§ **PROBLEM TO SOLVE**
In the records below, print each line exactly and leave every image out.

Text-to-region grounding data
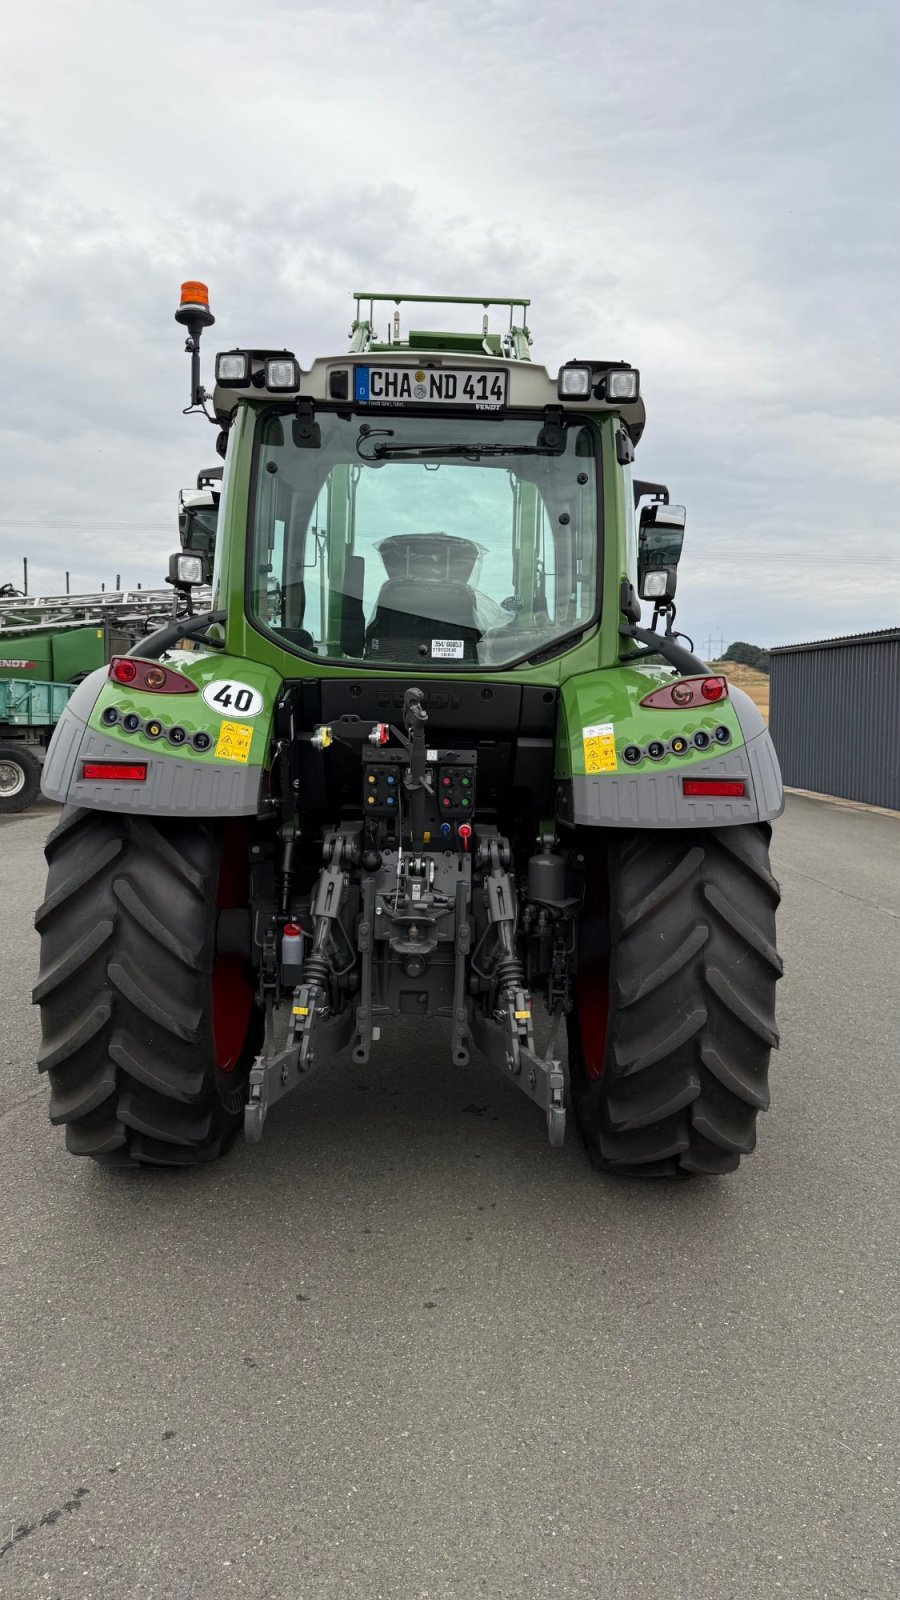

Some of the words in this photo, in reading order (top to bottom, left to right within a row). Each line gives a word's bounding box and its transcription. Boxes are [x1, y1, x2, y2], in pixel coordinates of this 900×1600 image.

[359, 387, 366, 395] D
[370, 371, 412, 398] CHA
[429, 373, 458, 399] ND
[463, 374, 503, 400] 414
[213, 684, 254, 712] 40

§ **EXERCISE ANSWER**
Some of the words in this photo, in reading order (top to bottom, left to right within a row). Each line gives a word's bounding box and its transcription. Boxes are [x1, y1, x2, y2], in pixel coordinates of this 900×1600 image.

[359, 387, 366, 395] D
[370, 371, 412, 398] CHA
[429, 373, 458, 399] ND
[463, 374, 503, 400] 414
[213, 684, 254, 712] 40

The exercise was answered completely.